» **DATASET EXTRACT**
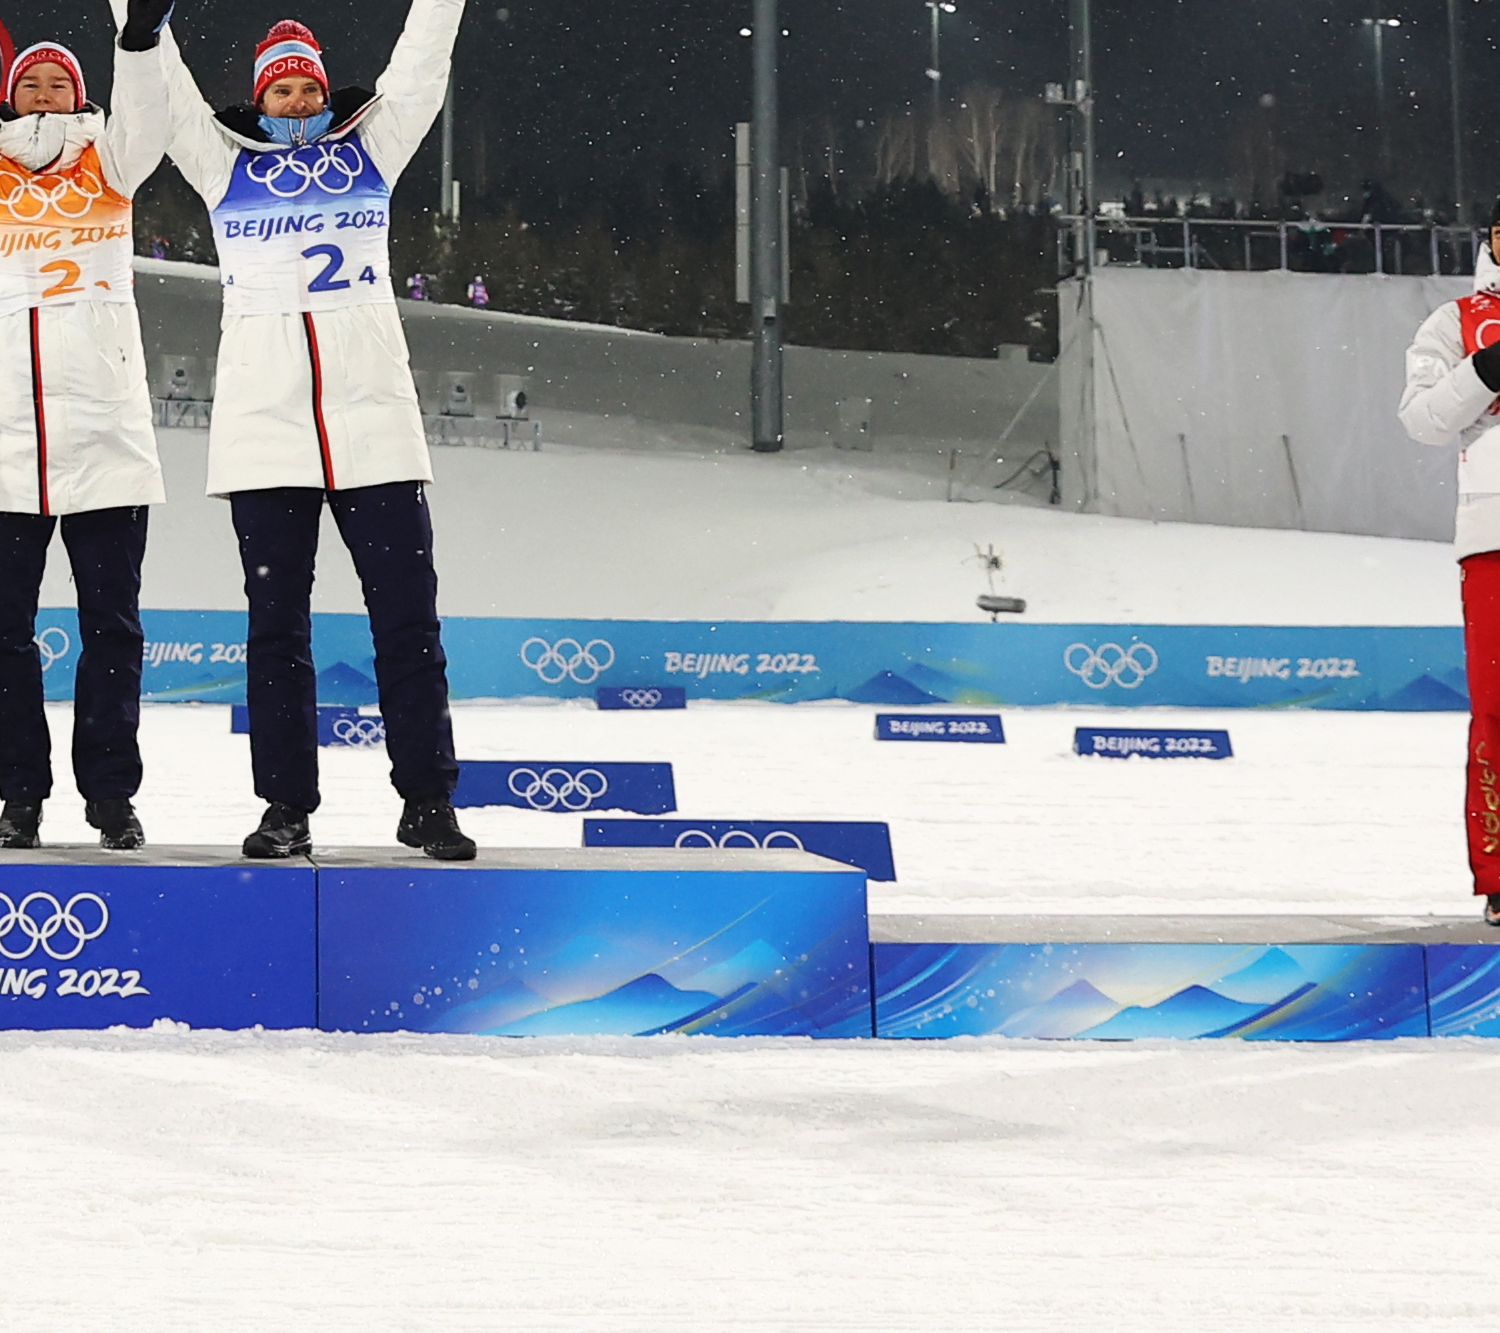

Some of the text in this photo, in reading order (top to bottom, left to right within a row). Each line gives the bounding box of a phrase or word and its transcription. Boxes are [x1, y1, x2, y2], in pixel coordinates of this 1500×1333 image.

[264, 58, 322, 79] NORGE
[223, 209, 388, 242] BEIJING 2022
[39, 259, 85, 299] 2
[301, 243, 352, 293] 2
[359, 265, 377, 285] 4
[142, 641, 204, 668] EIJING
[665, 652, 820, 679] BEIJING 2022
[1206, 655, 1361, 683] BEIJING 2022
[889, 720, 992, 737] BEIJING 2022
[1091, 735, 1218, 755] BEIJING 2022
[56, 968, 150, 998] 2022
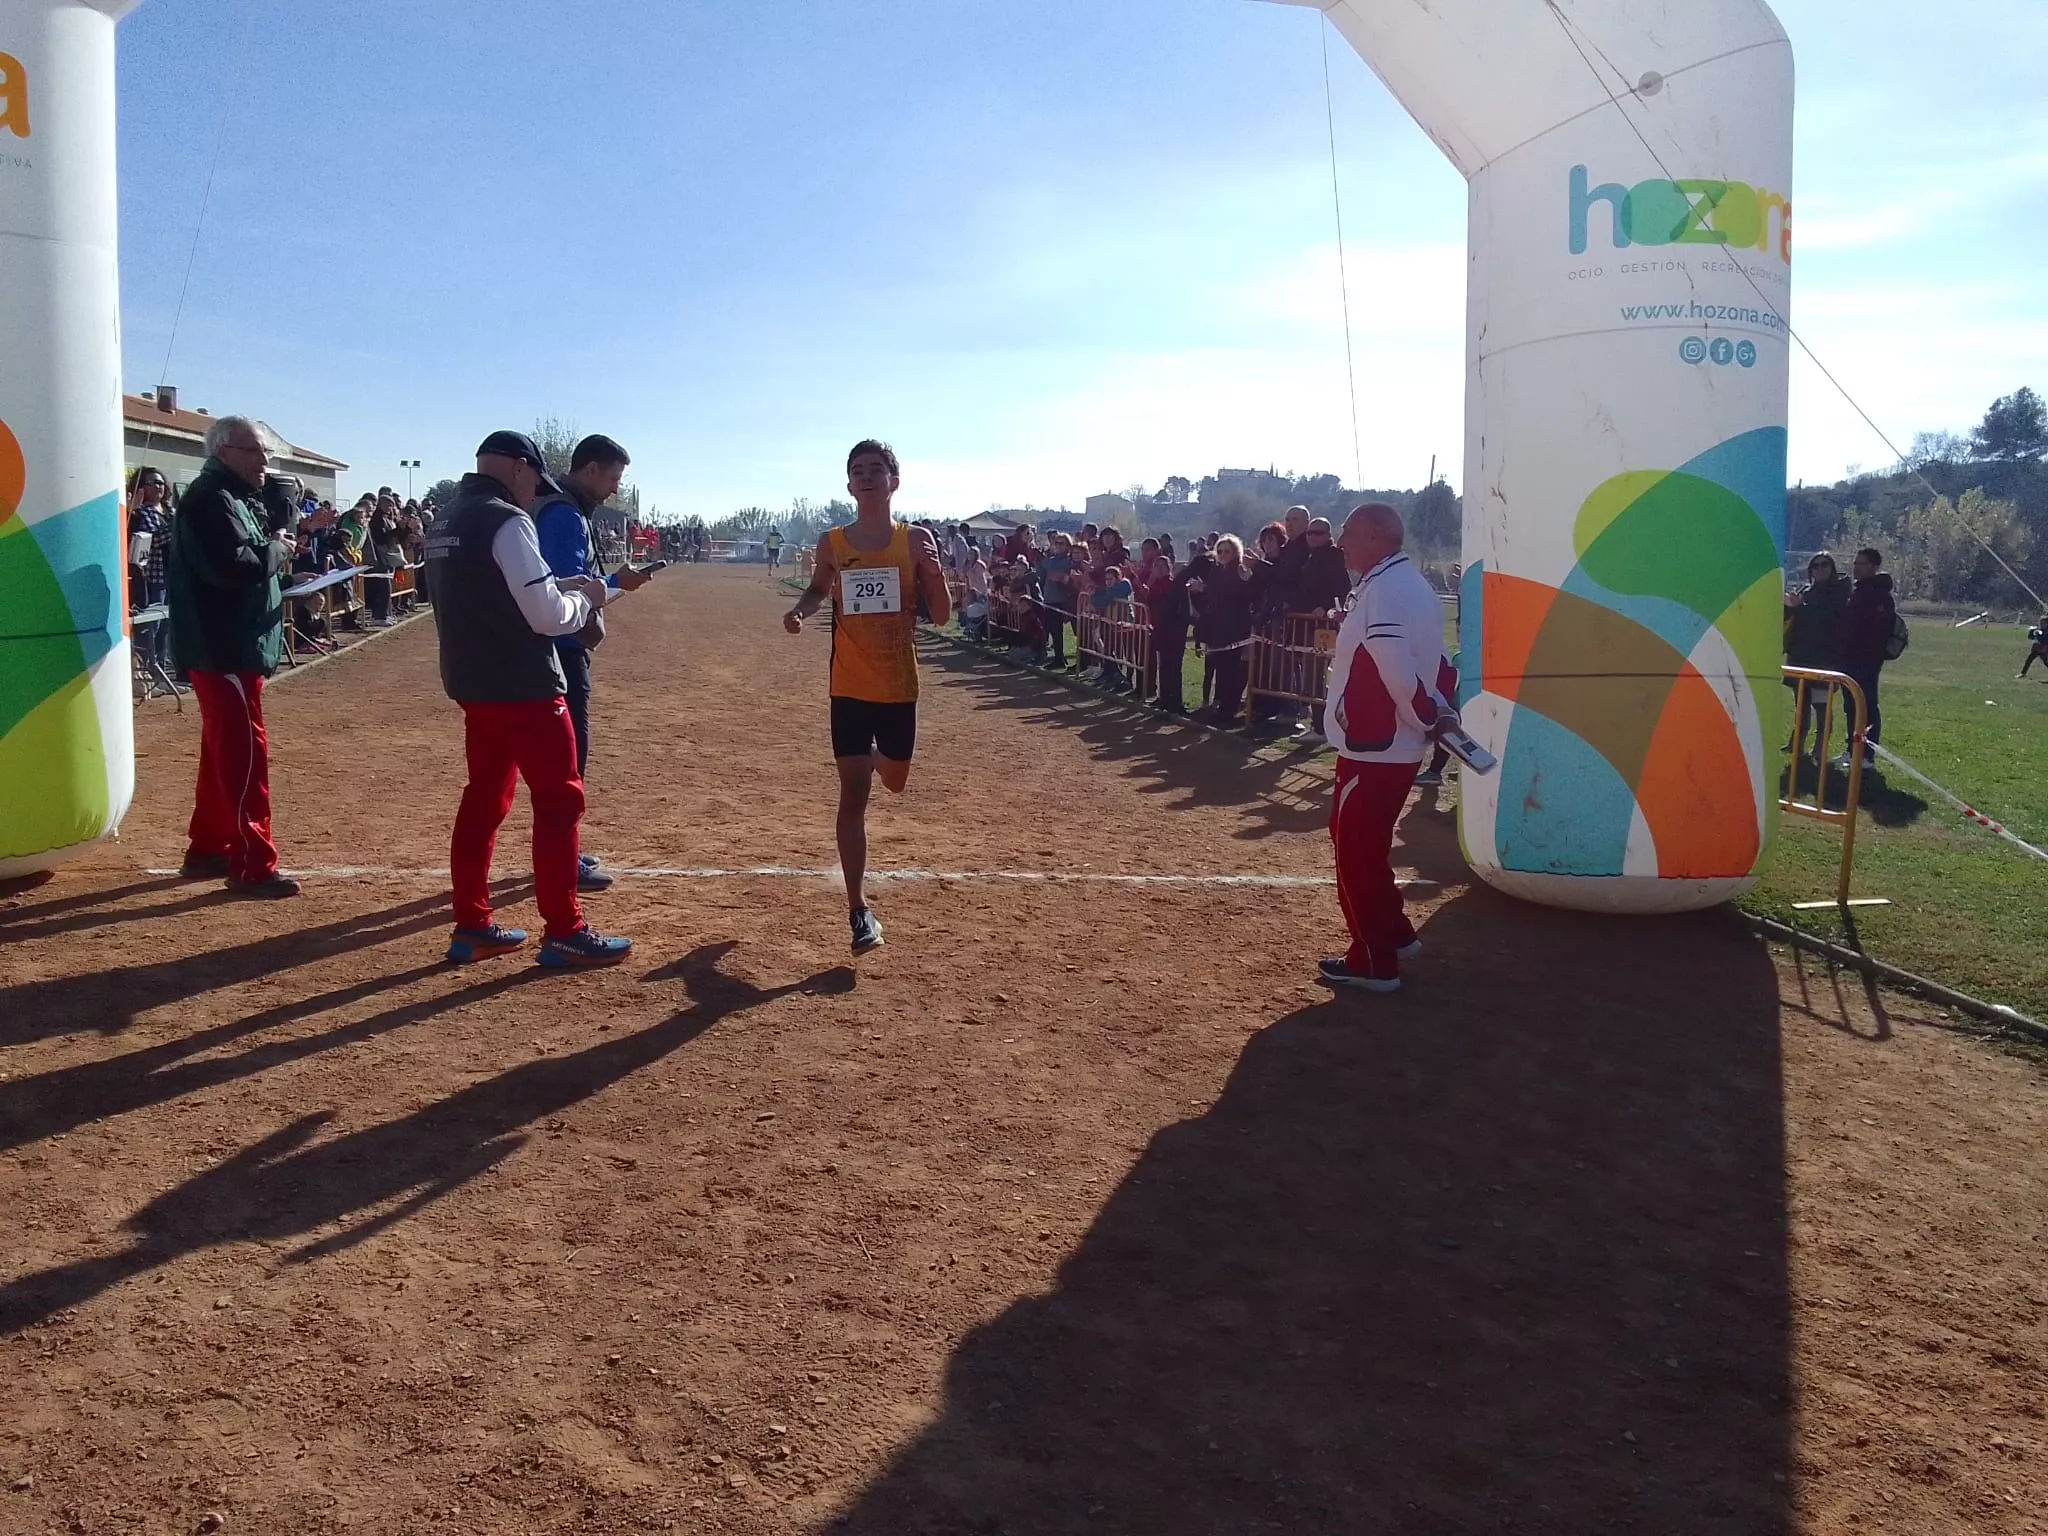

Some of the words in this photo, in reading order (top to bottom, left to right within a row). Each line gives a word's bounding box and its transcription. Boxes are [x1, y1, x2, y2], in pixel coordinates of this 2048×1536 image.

[1568, 267, 1604, 281] OCIO
[1620, 259, 1686, 274] GESTIÓN
[1620, 299, 1786, 333] www.hozona.com
[855, 582, 886, 598] 292
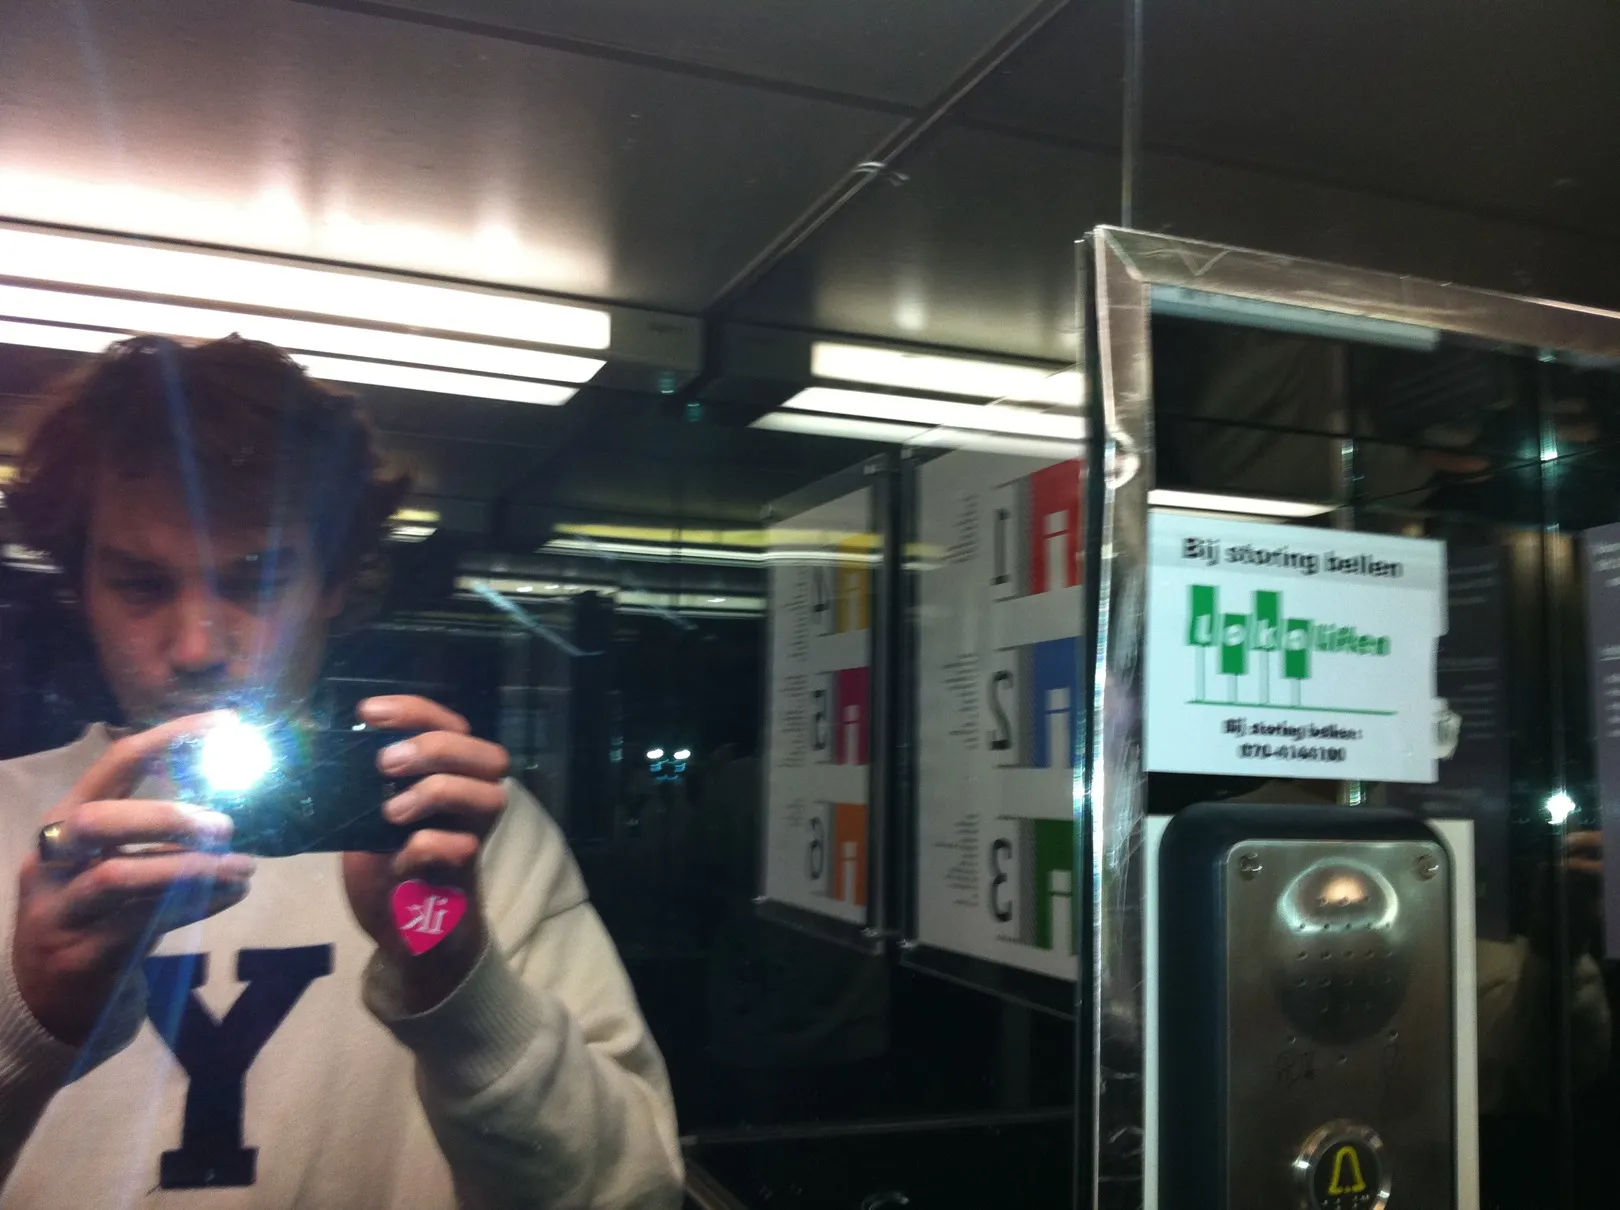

» **TO DO**
Every line of the listing is to be repeated exactly, and the pictures are to be dropped.

» **FINISHED TASK**
Some of the text in this photo, in reading order (top to bottom, left to right within a row). Each line gives the bounding box of a phrase or word and its transcription. Boxes are [x1, y1, x2, y2], in pixel coordinates of this 1500×1333 image.

[264, 58, 322, 79] NORGE
[223, 209, 388, 242] BEIJING 2022
[39, 259, 85, 299] 2
[301, 243, 352, 293] 2
[359, 265, 377, 285] 4
[142, 641, 204, 668] EIJING
[665, 652, 820, 679] BEIJING 2022
[1206, 655, 1361, 683] BEIJING 2022
[889, 720, 992, 737] BEIJING 2022
[1091, 735, 1218, 755] BEIJING 2022
[56, 968, 150, 998] 2022

Some of the words in this photo, in reading order (top to bottom, left to right within a row). Each line gives a word's bounding box and its transcription. Boxes are [x1, y1, x2, y2], in pixel coordinates of this 2048×1536 image.

[1568, 267, 1604, 281] OCIO
[1620, 259, 1686, 274] GESTIÓN
[1620, 299, 1786, 333] www.hozona.com
[855, 582, 886, 598] 292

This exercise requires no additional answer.